I think the reason most people here want to be able to do outbound
telnet is for troubleshooting - checking port connectivity and protocol
banners. Many times administrators are insistent that a server is
listening on such and such a port, and it's not. It's nice to be able to
troubleshoot problems in chunks.
Sam
Reuben Farrelly wrote:
> You also can't ssh from a PIX, but you can of course ssh to it.
>
> So it's not IMHO likely to be a case of "telnet being insecure", but
> avoiding -all- client sourced access from a PIX out to anything else
> which the PIX could potentially connect to.
>
> I suspect the thinking is that the PIX itself, if compromised, can't
> be used as a platform to launch into other devices in the network.

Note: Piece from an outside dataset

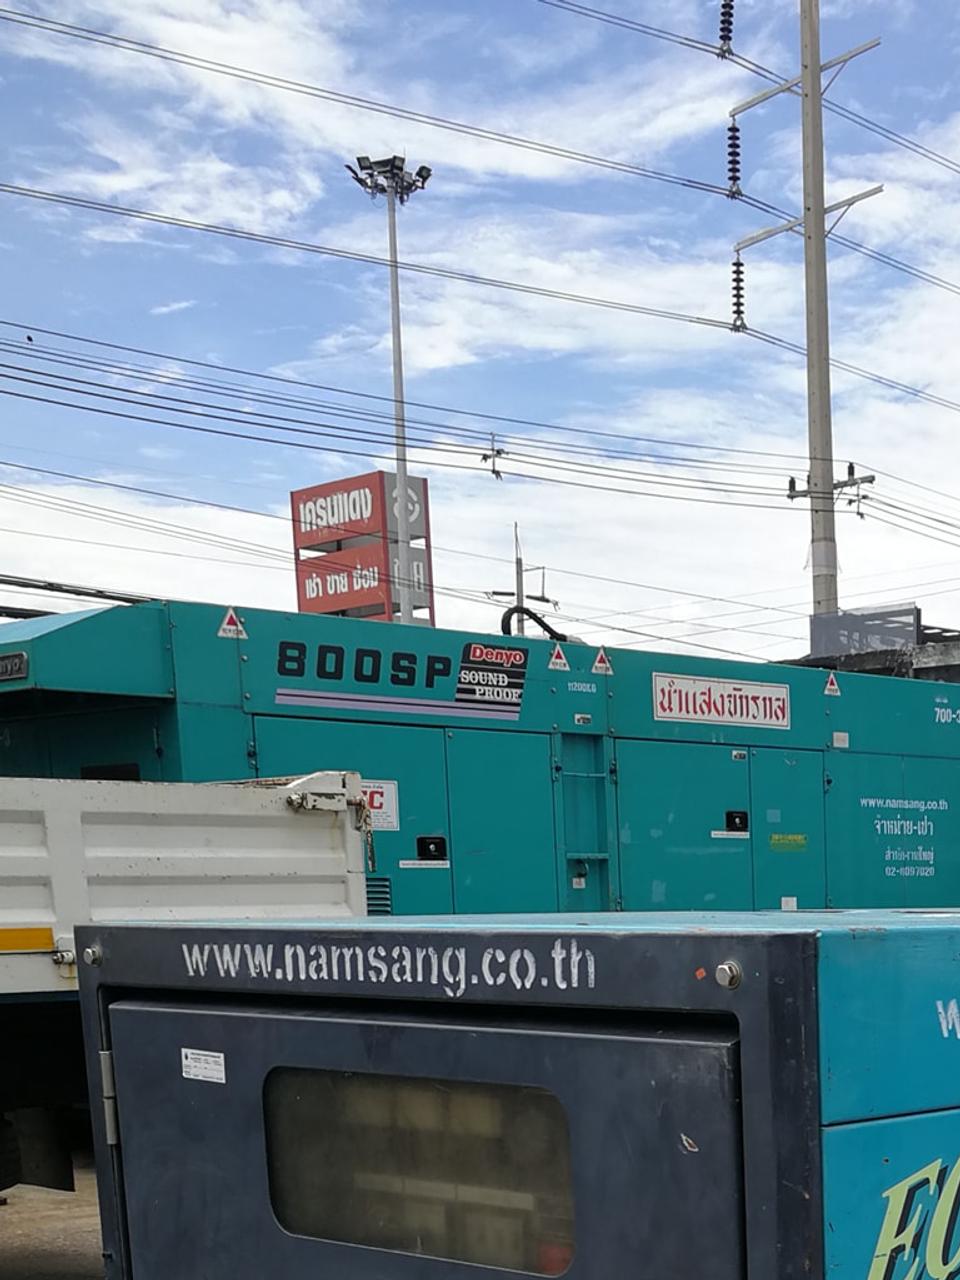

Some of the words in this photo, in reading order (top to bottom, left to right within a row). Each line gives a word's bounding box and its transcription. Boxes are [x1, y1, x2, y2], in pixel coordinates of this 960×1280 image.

> Especially given it is probably one device which would normally have
> direct and unrestricted access to the private and DMZ networks in most
> topologies...
>
> Reuben
>
>
>
> On 1/07/2008 9:19 PM, Aaron R wrote:
>> Hi,
>>
>> As we all know Telnet is plaintext and insecure. I assume they have
>> disabled
>> telnet from the firewall to encourage secure communication?
>> I don't see why else they would have disabled it. Having said this they
>> still enable telnet to the device which is a complete contradiction :P
>>
>> Cisco?
>>
>> Cheers,
>>
>> Aaron.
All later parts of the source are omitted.